Elmpter Zollamt

Das alte Zollamt in Elmpt an der Roermonder Straße zwischen Deutschland und den Niederlanden.

In den 1970er Jahren hatte Elmpt das fünftgrößte Zollamt der Bundesrepublik. 1972 erreichte das Aufkommen 125 000 Lkw und eine Million Pkw – die Einnahmen aus Zöllen, Einfuhrumsatzsteuer und Verbrauchsteuer summierten sich auf fast 110 Millionen Mark. 54 Beamte taten in Spitzenzeiten Dienst.

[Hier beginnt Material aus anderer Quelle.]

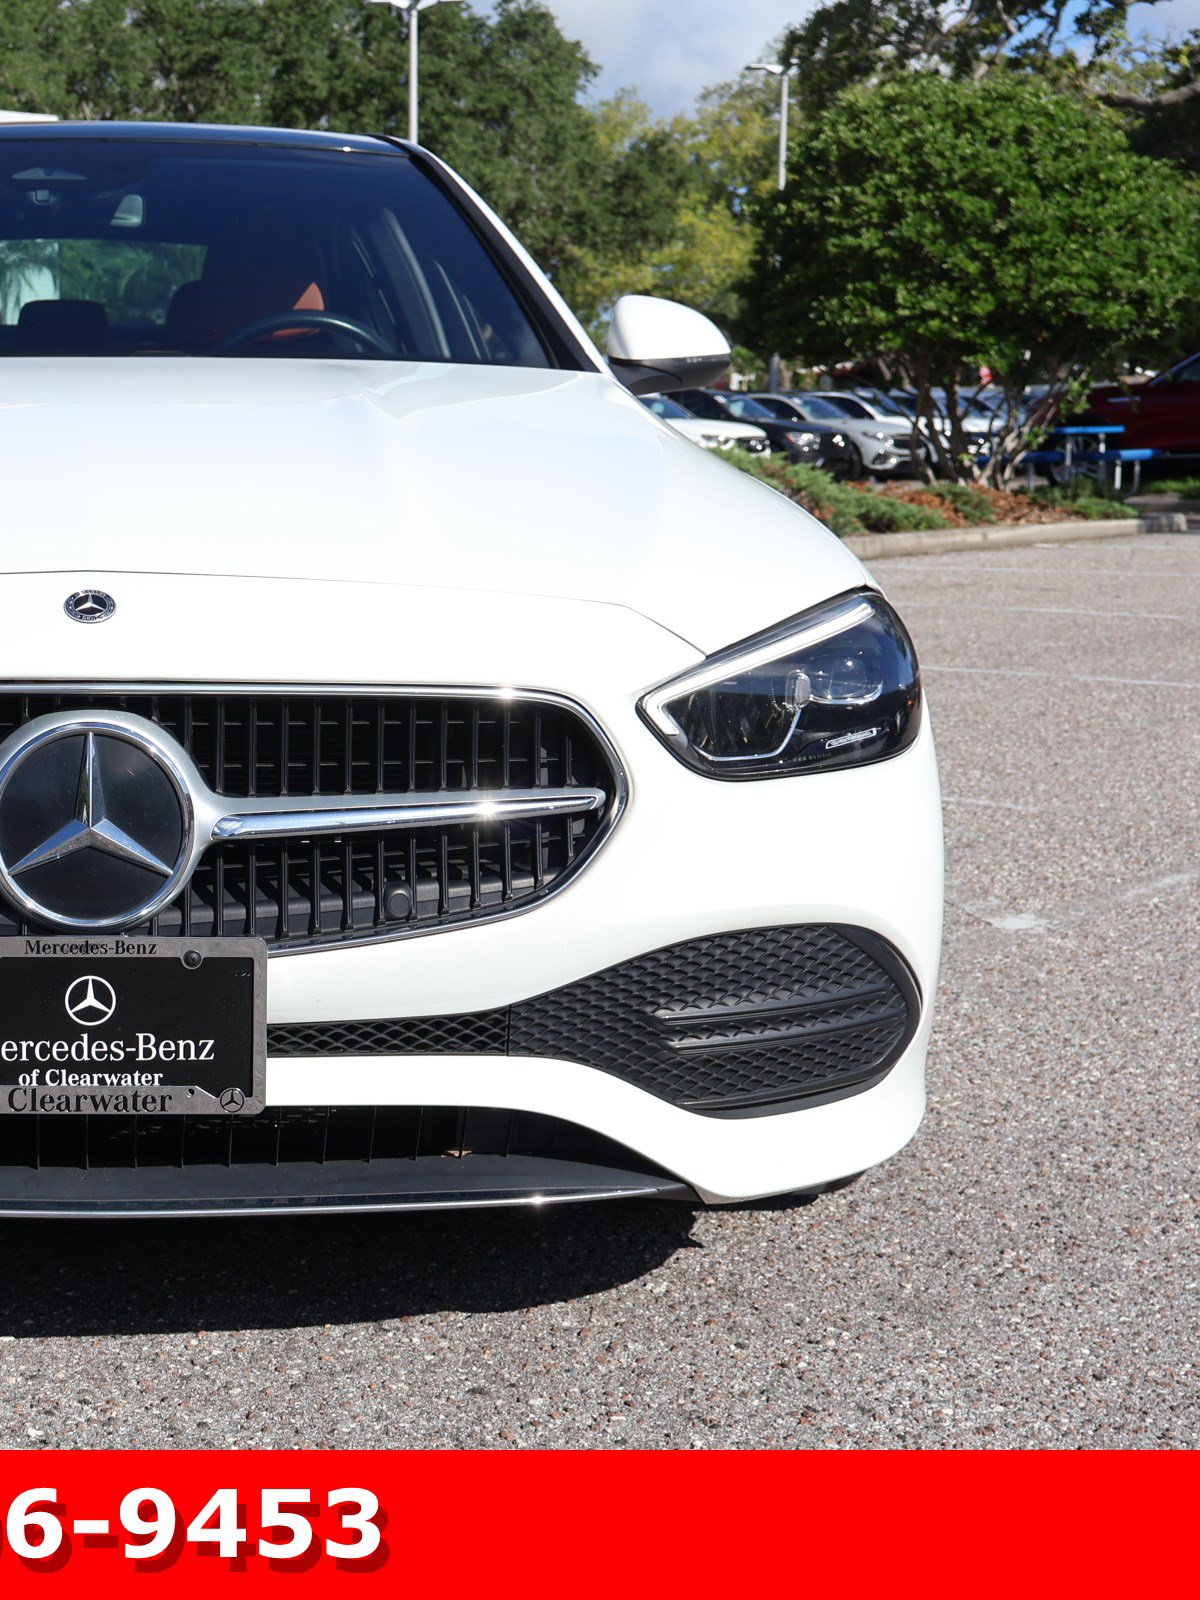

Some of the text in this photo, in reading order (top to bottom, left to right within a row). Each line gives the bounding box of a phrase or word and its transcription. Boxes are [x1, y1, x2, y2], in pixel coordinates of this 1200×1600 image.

Sie entwickelten ein Verfahren zur schnelleren und weniger aufwendigen Zollabfertigung, das in Zollkreisen als „Elmpter Modell“ Anerkennung fand. In den 1960er Jahren wurde der Schlagbaum entfernt, ab 1993 wurden Reisende an der Grenze nicht mehr kontrolliert. Das Zollamt wurde überflüssig und 2002 endgültig aufgelöst.

Hüttenwerk in D.

Gearbeitet wird hier schon lange nicht mehr, dafür bleibt dieses Hüttenwerk aber der Nachwelt in seiner einzigartigen Form erhalten.  😀 

Das frühere Hüttenwerk wurde 1901 von der damaligen „Rheinische Stahlwerke zu Meiderich bei Ruhrort“ gegründet. Die insgesamt fünf Hochöfen produzierten in ihren 84 Jahren 37 Millionen Tonnen Spezialroheisen. Die Hochöfen 3 und 4 wurden bereits 1968 bzw. 1970 abgerissen. Die Hochöfen 1 und 2 wurden 1982 stillgelegt, so dass nur noch der erst 1973 erbaute Hochofen 5 in Betrieb blieb. 1985 wurde dieser nach gerade mal zwölf Jahren Betriebszeit aufgrund von Überkapazitäten auf dem europäischen Stahlmarkt ebenfalls stillgelegt. 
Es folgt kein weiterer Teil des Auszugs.